Question to the Department of Health and Social Care:
To ask the Secretary of State for Health and Social Care, what steps he is taking to support the Mid and South Essex Integrated Care Board to reduce its pathways waiting list.
We are clear that the extent of waits for treatment is unacceptable, and cutting waiting lists is a key priority for the Government. We have committed to returning by March 2029 to the NHS constitutional standard that 92% of patients should wait no longer than 18 weeks from referral to treatment (RTT).
Between July 2024 and June 2025, we delivered 5.2 million additional appointments compared to the previous year, more than double our pledge of two million.

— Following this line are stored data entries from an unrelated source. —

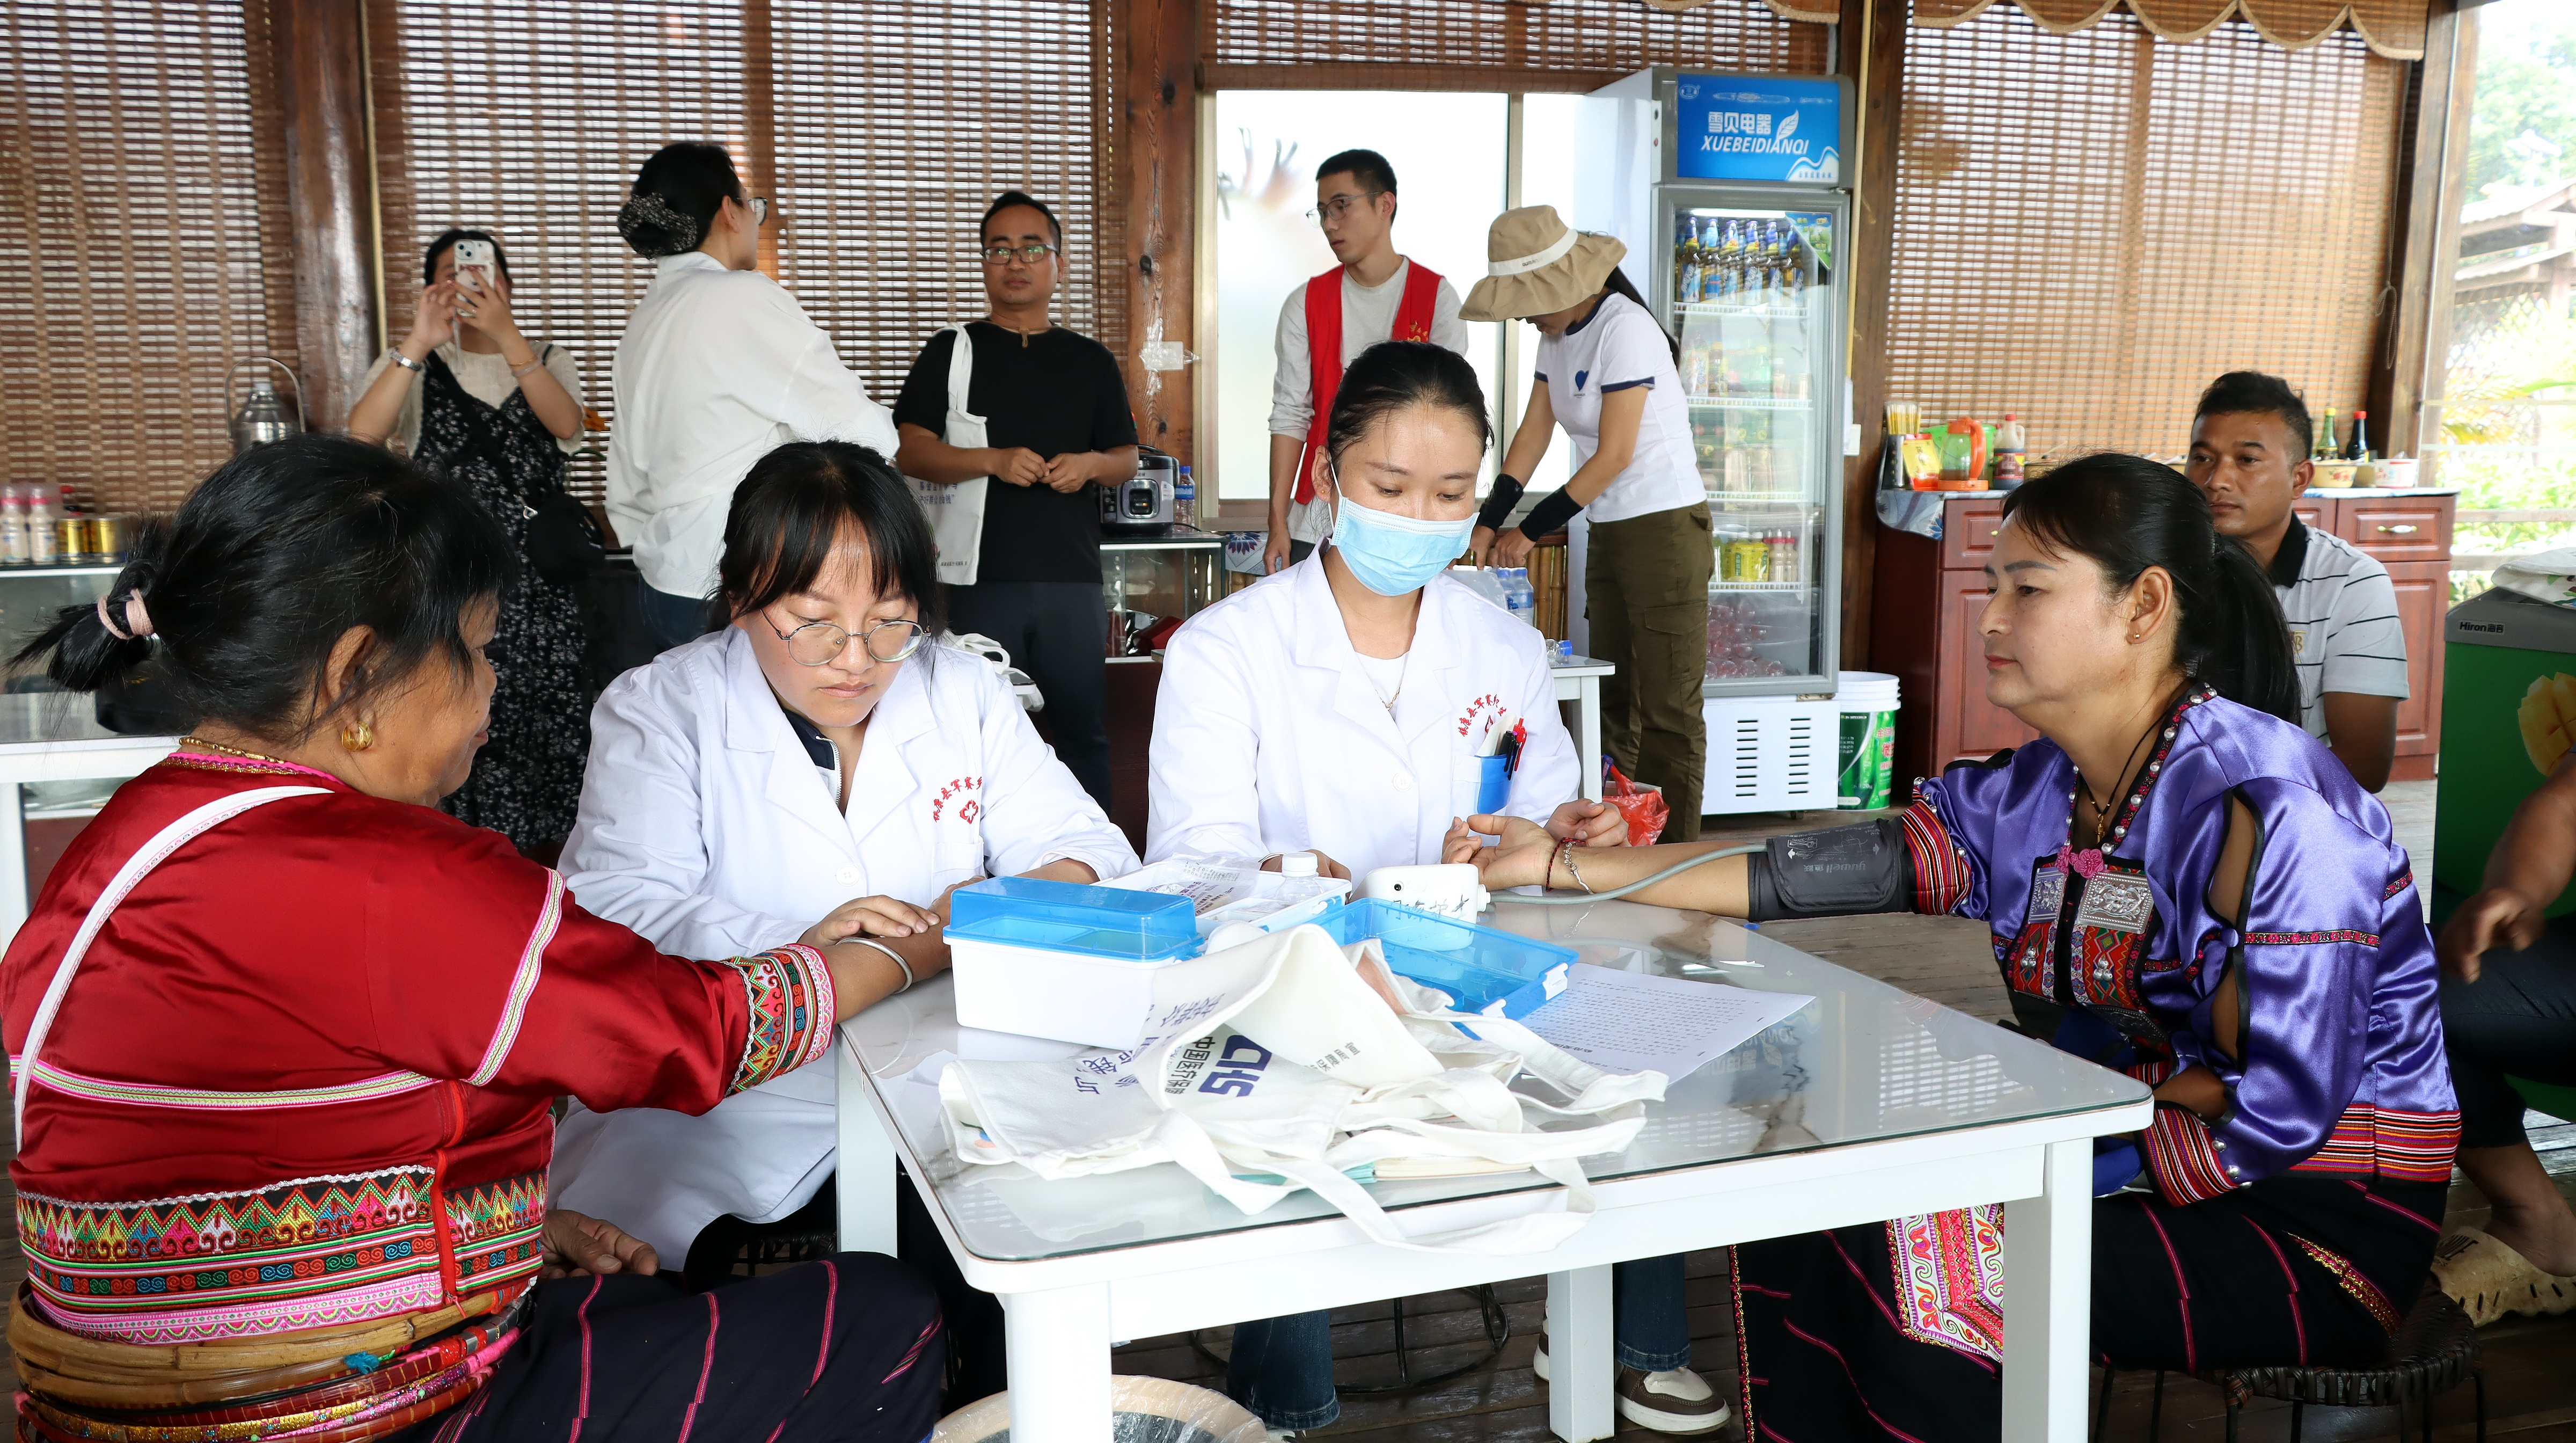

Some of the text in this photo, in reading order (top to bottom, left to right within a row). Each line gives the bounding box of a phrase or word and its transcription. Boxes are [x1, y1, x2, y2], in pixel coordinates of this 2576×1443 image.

[1708, 111, 1772, 135] 雪贝电器
[1701, 135, 1809, 155] XUEBEIDIANQI
[2460, 622, 2486, 632] Hiron
[1803, 861, 1866, 873] yuwell 鱼跃
[1310, 1049, 1350, 1072] 保障局

This marks a vital first step towards delivering the constitutional standard.
As an interim goal, NHS England’s Operational Planning Guidance 2025/26 has set the national ambition for 65% of patients waiting no longer than 18 weeks for treatment, with every trust expected to deliver a minimum five percentage point improvement in performance, and to reduce the proportion of people waiting over 52 weeks for treatment to less than 1% of the total waiting list.
To support this improvement across all trusts and systems, there is a robust performance management process in place. The new NHS Oversight Framework 2025/26 ensures that there is public accountability for performance and NHS England works with systems and providers to support improvement.
In coordination with the NHS Mid and South Essex Integrated Care Board, NHS England has heightened executive oversight and assurance processes in place with the Mid and South Essex NHS Foundation Trust to monitor and support recovery plans. An extensive targeted recovery plan focuses on orthopaedic mutual aid, optimising and expanding existing capacity, pathway reform, improvements to validation processes and demand management.
A new interim Chief Executive Officer and Chief Operating Officer have been appointed at the trust, in addition to a dedicated Executive Elective Recovery Director to drive and oversee turnaround of elective care performance.